[Excerpts from a dataset]
◆ ◆ ◆ ◆
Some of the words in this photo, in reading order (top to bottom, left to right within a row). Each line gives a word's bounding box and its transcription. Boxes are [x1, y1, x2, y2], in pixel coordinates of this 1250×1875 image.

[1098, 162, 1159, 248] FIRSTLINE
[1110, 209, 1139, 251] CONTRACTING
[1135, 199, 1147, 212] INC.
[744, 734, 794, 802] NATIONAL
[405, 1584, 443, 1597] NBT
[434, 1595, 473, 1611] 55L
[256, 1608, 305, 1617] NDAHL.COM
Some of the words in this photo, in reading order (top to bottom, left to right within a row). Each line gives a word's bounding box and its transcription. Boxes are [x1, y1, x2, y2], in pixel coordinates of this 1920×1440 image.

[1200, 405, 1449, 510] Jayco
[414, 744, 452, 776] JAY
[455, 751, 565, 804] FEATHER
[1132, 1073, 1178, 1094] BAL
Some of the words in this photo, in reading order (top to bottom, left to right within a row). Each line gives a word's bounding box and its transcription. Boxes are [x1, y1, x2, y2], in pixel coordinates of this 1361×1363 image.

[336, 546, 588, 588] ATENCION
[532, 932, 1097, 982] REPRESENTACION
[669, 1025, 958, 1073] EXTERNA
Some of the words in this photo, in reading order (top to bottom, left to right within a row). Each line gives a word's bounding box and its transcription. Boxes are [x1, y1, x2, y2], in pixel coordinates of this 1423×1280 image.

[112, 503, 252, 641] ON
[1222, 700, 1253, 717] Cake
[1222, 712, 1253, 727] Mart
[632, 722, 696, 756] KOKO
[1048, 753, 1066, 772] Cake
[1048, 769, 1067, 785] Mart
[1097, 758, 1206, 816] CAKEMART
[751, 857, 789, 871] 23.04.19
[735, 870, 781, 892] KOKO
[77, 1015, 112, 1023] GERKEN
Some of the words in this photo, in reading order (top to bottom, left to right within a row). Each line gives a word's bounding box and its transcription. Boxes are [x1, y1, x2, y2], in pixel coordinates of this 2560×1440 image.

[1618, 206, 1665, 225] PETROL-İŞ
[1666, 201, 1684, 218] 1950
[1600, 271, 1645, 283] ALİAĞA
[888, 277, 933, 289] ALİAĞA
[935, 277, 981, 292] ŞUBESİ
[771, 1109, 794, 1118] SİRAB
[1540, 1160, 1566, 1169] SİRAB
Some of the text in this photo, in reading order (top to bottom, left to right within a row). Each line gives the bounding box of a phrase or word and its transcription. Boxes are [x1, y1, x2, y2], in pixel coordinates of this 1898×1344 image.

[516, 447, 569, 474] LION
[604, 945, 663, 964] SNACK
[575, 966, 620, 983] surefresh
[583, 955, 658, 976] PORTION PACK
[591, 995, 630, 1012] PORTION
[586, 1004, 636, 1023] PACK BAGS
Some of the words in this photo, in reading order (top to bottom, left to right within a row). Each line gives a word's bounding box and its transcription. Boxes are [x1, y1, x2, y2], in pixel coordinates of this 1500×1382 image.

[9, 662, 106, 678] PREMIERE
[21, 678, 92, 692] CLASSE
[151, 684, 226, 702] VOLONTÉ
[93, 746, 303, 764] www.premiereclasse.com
◆ ◆ ◆ ◆
[Your task]
Transcribe all the entries, keeping each one exactly as it is.

[Your solution]
Some of the words in this photo, in reading order (top to bottom, left to right within a row). Each line gives a word's bounding box and its transcription. Boxes are [x1, y1, x2, y2], in pixel coordinates of this 1250×1875 image.

[1098, 162, 1159, 248] FIRSTLINE
[1110, 209, 1139, 251] CONTRACTING
[1135, 199, 1147, 212] INC.
[744, 734, 794, 802] NATIONAL
[405, 1584, 443, 1597] NBT
[434, 1595, 473, 1611] 55L
[256, 1608, 305, 1617] NDAHL.COM
Some of the words in this photo, in reading order (top to bottom, left to right within a row). Each line gives a word's bounding box and its transcription. Boxes are [x1, y1, x2, y2], in pixel coordinates of this 1920×1440 image.

[1200, 405, 1449, 510] Jayco
[414, 744, 452, 776] JAY
[455, 751, 565, 804] FEATHER
[1132, 1073, 1178, 1094] BAL
Some of the words in this photo, in reading order (top to bottom, left to right within a row). Each line gives a word's bounding box and its transcription. Boxes are [x1, y1, x2, y2], in pixel coordinates of this 1361×1363 image.

[336, 546, 588, 588] ATENCION
[532, 932, 1097, 982] REPRESENTACION
[669, 1025, 958, 1073] EXTERNA
Some of the words in this photo, in reading order (top to bottom, left to right within a row). Each line gives a word's bounding box and its transcription. Boxes are [x1, y1, x2, y2], in pixel coordinates of this 1423×1280 image.

[112, 503, 252, 641] ON
[1222, 700, 1253, 717] Cake
[1222, 712, 1253, 727] Mart
[632, 722, 696, 756] KOKO
[1048, 753, 1066, 772] Cake
[1048, 769, 1067, 785] Mart
[1097, 758, 1206, 816] CAKEMART
[751, 857, 789, 871] 23.04.19
[735, 870, 781, 892] KOKO
[77, 1015, 112, 1023] GERKEN
Some of the words in this photo, in reading order (top to bottom, left to right within a row). Each line gives a word's bounding box and its transcription. Boxes are [x1, y1, x2, y2], in pixel coordinates of this 2560×1440 image.

[1618, 206, 1665, 225] PETROL-İŞ
[1666, 201, 1684, 218] 1950
[1600, 271, 1645, 283] ALİAĞA
[888, 277, 933, 289] ALİAĞA
[935, 277, 981, 292] ŞUBESİ
[771, 1109, 794, 1118] SİRAB
[1540, 1160, 1566, 1169] SİRAB
Some of the text in this photo, in reading order (top to bottom, left to right within a row). Each line gives the bounding box of a phrase or word and its transcription. Boxes are [x1, y1, x2, y2], in pixel coordinates of this 1898×1344 image.

[516, 447, 569, 474] LION
[604, 945, 663, 964] SNACK
[575, 966, 620, 983] surefresh
[583, 955, 658, 976] PORTION PACK
[591, 995, 630, 1012] PORTION
[586, 1004, 636, 1023] PACK BAGS
Some of the words in this photo, in reading order (top to bottom, left to right within a row). Each line gives a word's bounding box and its transcription. Boxes are [x1, y1, x2, y2], in pixel coordinates of this 1500×1382 image.

[9, 662, 106, 678] PREMIERE
[21, 678, 92, 692] CLASSE
[151, 684, 226, 702] VOLONTÉ
[93, 746, 303, 764] www.premiereclasse.com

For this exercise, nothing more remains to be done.